This row house was small but newer—well built and free of drafts. The living room had a fireplace and the kitchen had a good stove, which meant the place stayed warm. A sofa, chair, divan, and several end tables were scattered about the front room. Click perched on the back of the sofa, and Kemp was in the kitchen with tea things. Little automatons crawled, whirred, and scampered everywhere, like autumn leaves at play.

  “I like this place,” Gavin said. “It’s very much you.”
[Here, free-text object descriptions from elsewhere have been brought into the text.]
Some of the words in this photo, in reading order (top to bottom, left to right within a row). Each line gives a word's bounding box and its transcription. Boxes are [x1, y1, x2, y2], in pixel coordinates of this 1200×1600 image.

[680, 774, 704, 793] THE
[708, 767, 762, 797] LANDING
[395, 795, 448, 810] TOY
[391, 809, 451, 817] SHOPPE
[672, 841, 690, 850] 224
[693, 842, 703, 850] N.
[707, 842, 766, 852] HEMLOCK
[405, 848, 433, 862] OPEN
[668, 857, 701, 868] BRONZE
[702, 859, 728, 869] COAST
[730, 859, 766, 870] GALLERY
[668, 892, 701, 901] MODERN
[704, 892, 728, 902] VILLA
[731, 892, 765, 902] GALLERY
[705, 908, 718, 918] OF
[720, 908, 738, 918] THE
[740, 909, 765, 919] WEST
  “I suppose I should hire a maid-of-all-work,” Alice said, “but I think it would make Kemp unhappy, and the little ones sometimes get nervous around too many people.” She spread her arms. “It’s freeing to be here, Gavin. I’m renting it with money I earned myself, and that means I can be myself. Whyever do you stay in those tiny rooms at the Ward?”

  “Most of my money has gone toward the ship, and my family,” he said. “But I’m glad you found this place. It’s more private.”
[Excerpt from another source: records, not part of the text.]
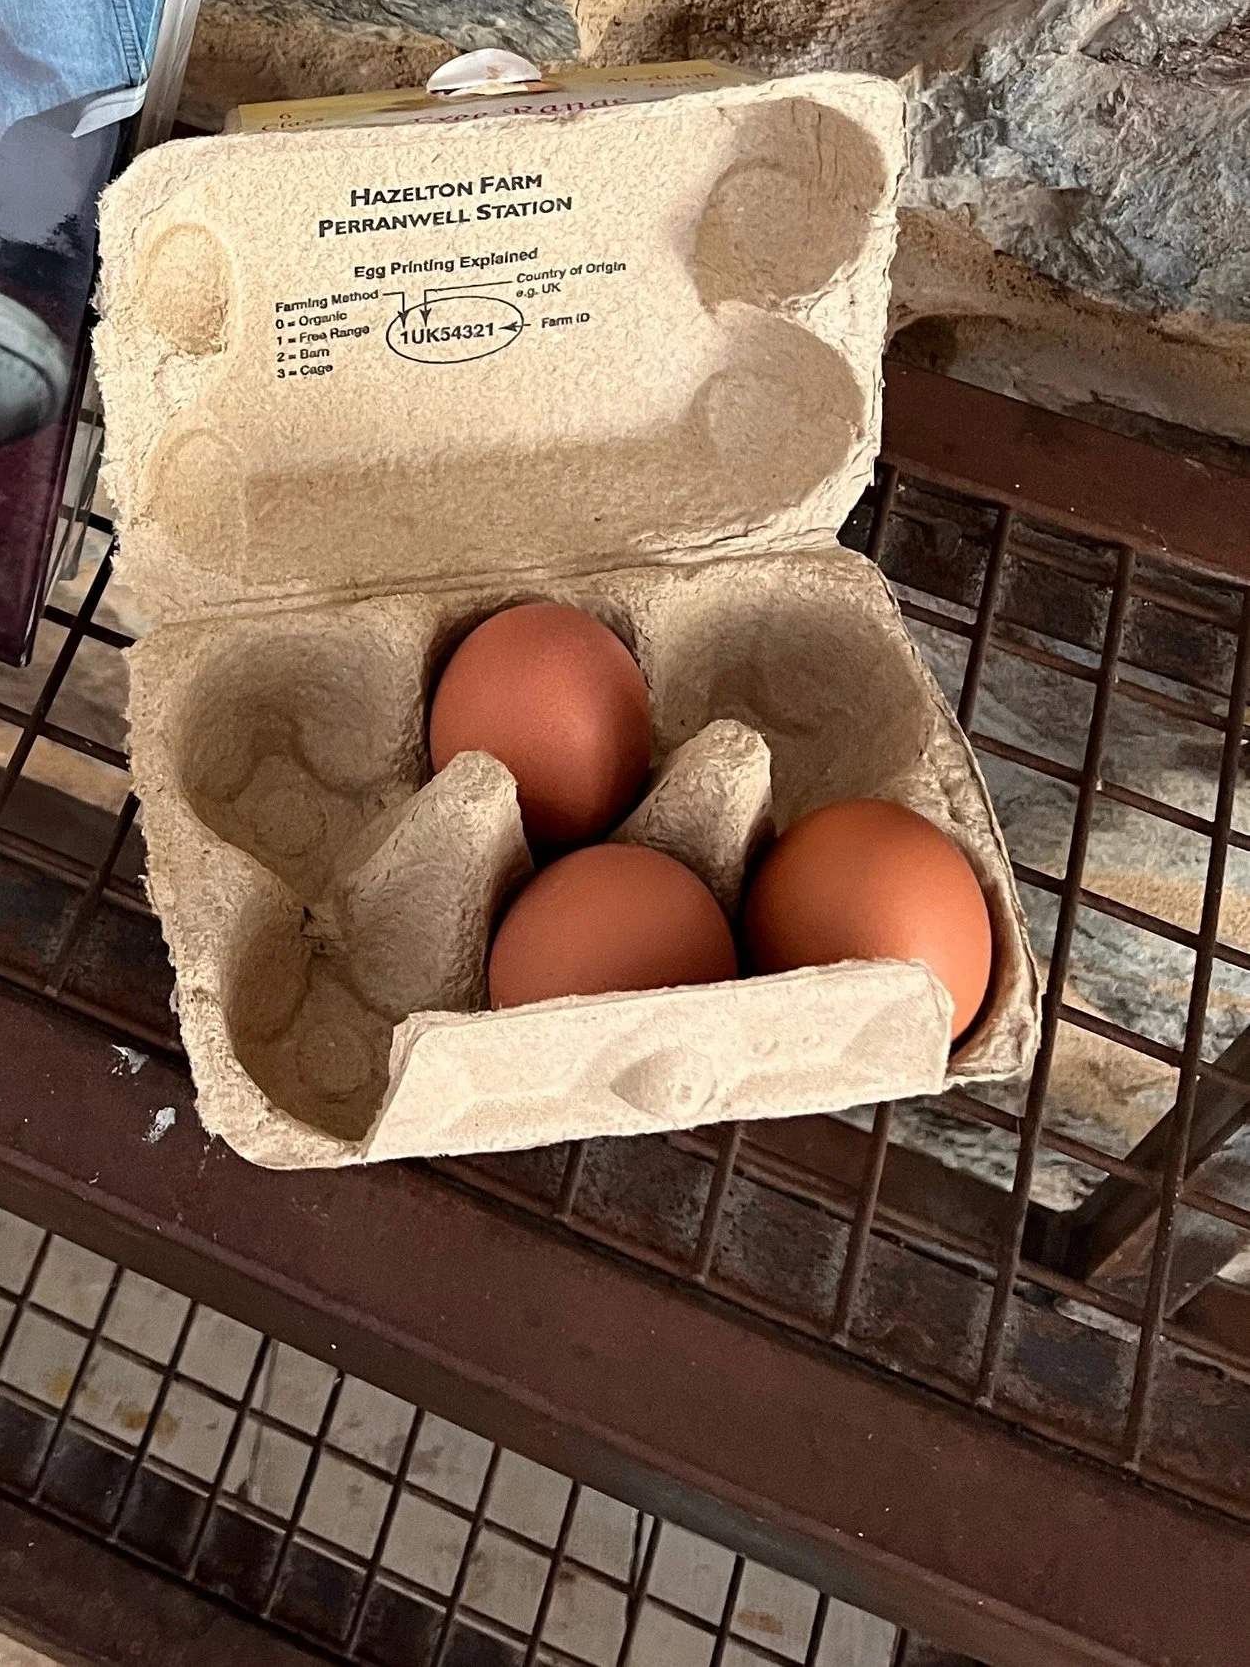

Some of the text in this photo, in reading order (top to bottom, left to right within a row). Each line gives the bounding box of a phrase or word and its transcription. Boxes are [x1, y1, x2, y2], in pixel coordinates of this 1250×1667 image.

[350, 174, 542, 207] HAZELTON FARM
[318, 196, 572, 237] PERRANWELL STATION
[354, 247, 538, 279] Egg Printing Explained
[516, 261, 627, 284] Country of Origin
[275, 290, 379, 313] Farming Method
[516, 282, 561, 299] e.g. UK
[299, 311, 348, 326] Organic
[541, 312, 590, 328] Farm ID
[276, 336, 282, 346] 1
[299, 332, 327, 343] Free
[330, 325, 370, 339] Range
[400, 322, 494, 345] 1UK54321
[276, 352, 285, 362] 2
[299, 348, 330, 359] Barn
[276, 368, 285, 378] 3
[299, 364, 333, 376] Cage
  “That it is.” She slid her arms around him, and his heart jumped. “No one to interrupt us here.”

  “Tea?” Kemp said, entering with the tray. Click chose that moment to leap at one of the flying automatons. It squeaked and shot higher. The clockwork cat missed and crash-landed on one of the tables, which tipped over and spilled him onto the floor. He scrabbled madly at the boards and rushed indignantly out of the room.

  “No interruptions?” Gavin grinned.

  “Have some tea,” Alice said, plucking a cup from the tray.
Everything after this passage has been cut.